Writing for Forward.com, French recalls being "thrust into the national debate" when Trump started playing the group's signature hit at his rallies — a debate that intensified among fans after singer Dee Snider offered support for Trump's use of the song.

French writes that he understood Snider was "attempting to express his own opinion and walk a fine line between endorsing and repudiating Trump’s inflammatory rhetoric," but that line was blurred once his position went public, and spilled over into the fan community as well as the band members' personal lives.

"Our fans, on email, Facebook and Twitter (both for and against Trump), went at it," French recalls. "Many of my friends who absolutely hated Trump wanted to know how I, as manager and owner of the Twisted Sister trademark, could let this happen. I was accused, by those who hated Trump but didn’t know me personally, of being a media whore who obviously must have gotten paid 'tons of money' to let this happen."

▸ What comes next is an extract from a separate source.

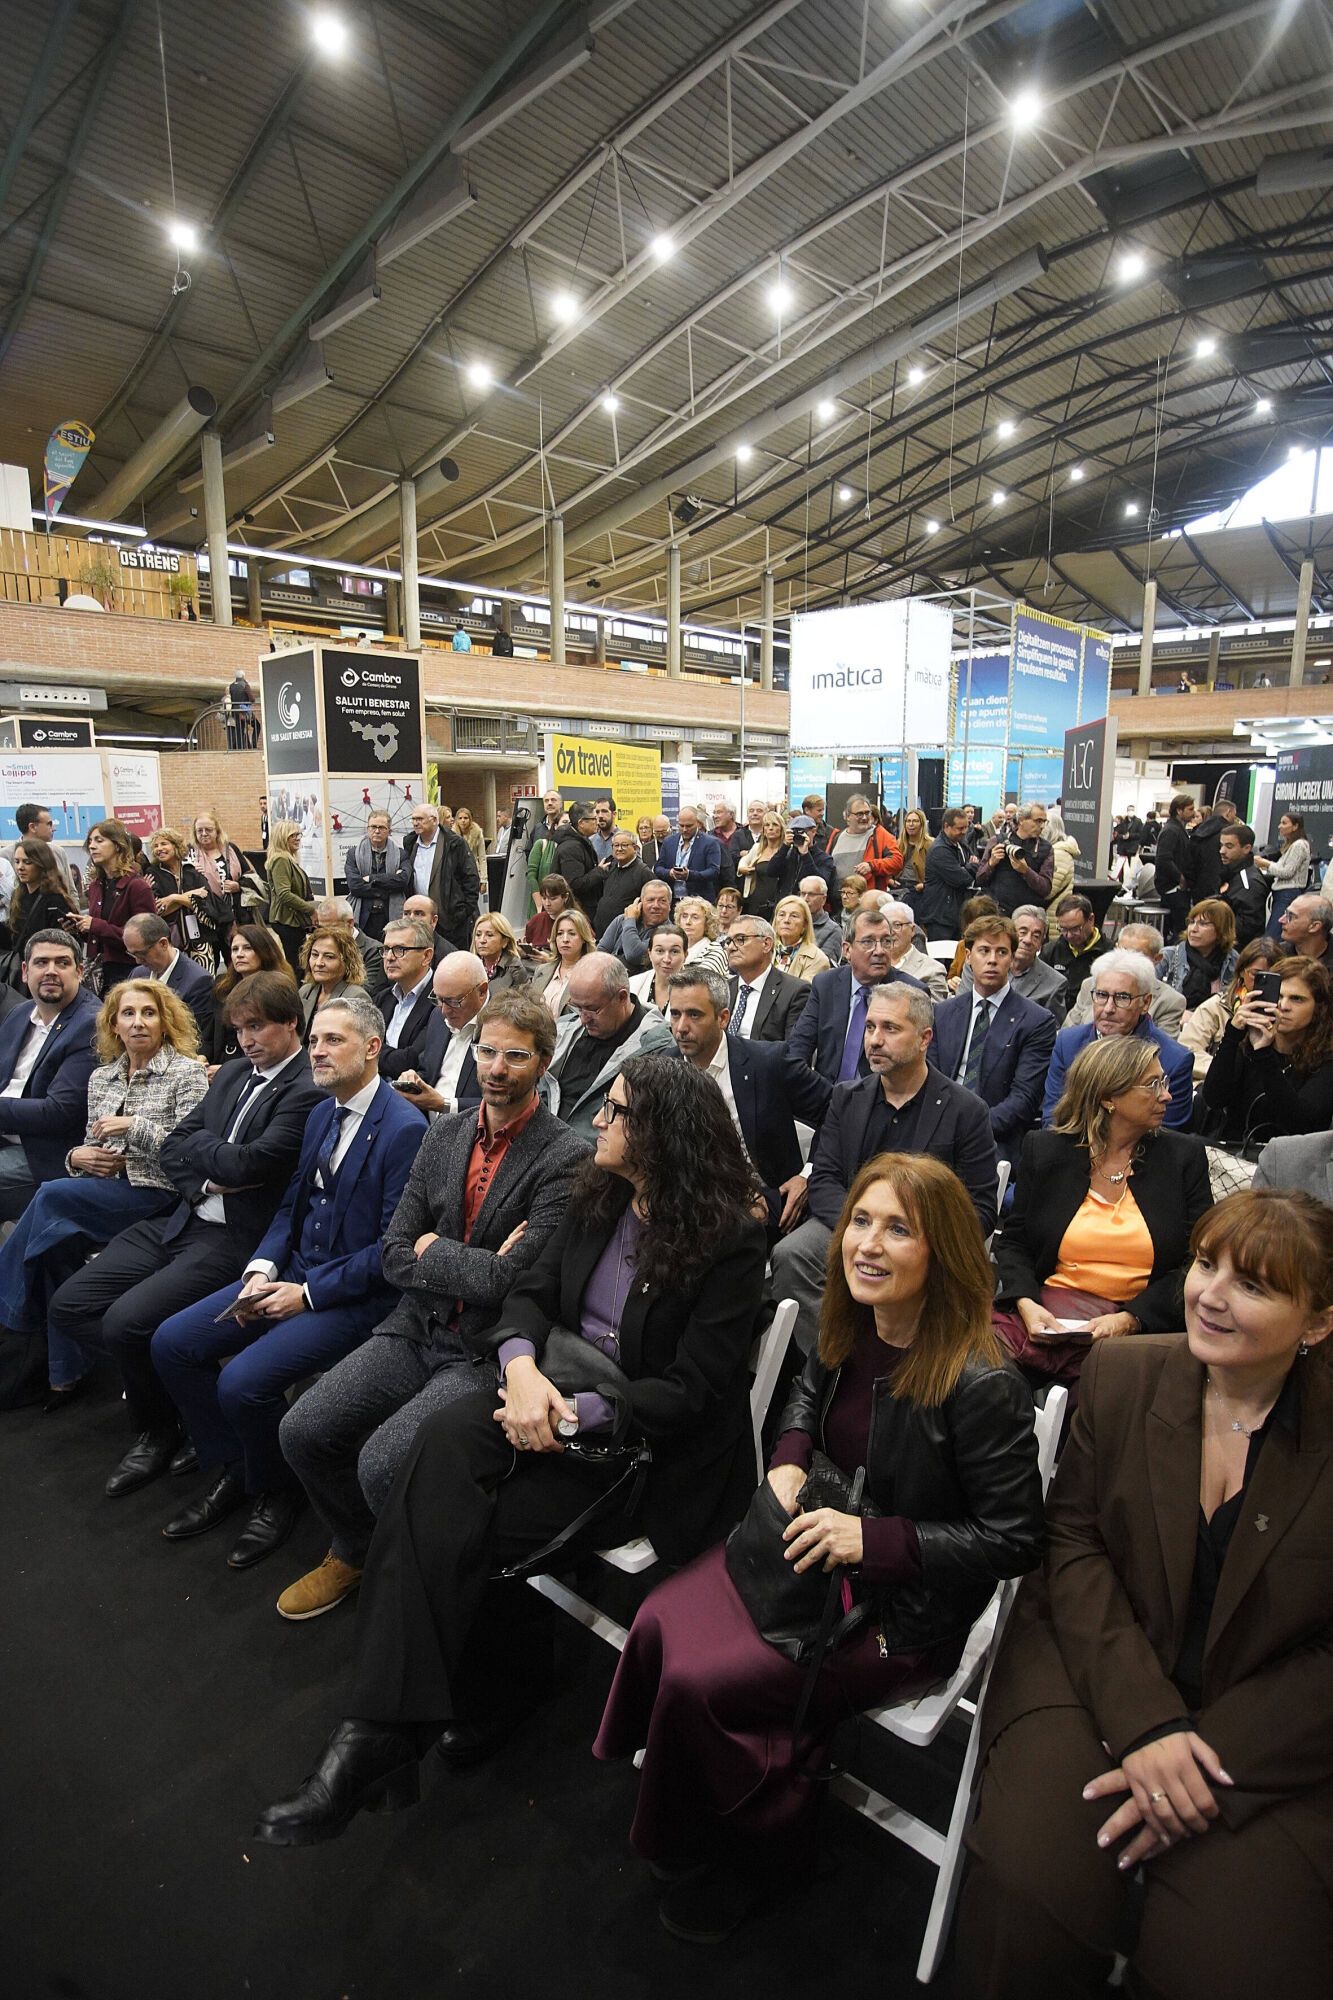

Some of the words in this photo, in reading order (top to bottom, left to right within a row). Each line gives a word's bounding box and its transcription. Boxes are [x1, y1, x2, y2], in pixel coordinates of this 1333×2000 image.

As French goes on to point out in patient detail, this isn't how music licensing works — not only does a licensor not need the artist's individual permission to use a song, it isn't even all that lucrative for the songwriter. But more importantly, given that — as French writes — "the band’s personal political leanings have always been all over the map," they weren't comfortable with Trump or any other candidate waving their song as a banner.

Ultimately, Snider ended up asking Trump to stop using the song, telling reporters "I strongly don’t agree with his extremist positions" and getting it pulled from campaign rallies. Rather than issuing a press release to officially announce their decision, French writes that they simply let the controversy die down.

"For one of the louder, brasher bands of the past few decades, we chose not the loudest way, not the sexiest way, not the PR dream way, to avoid that particular legacy," he argues. "We chose just the way it needed to be."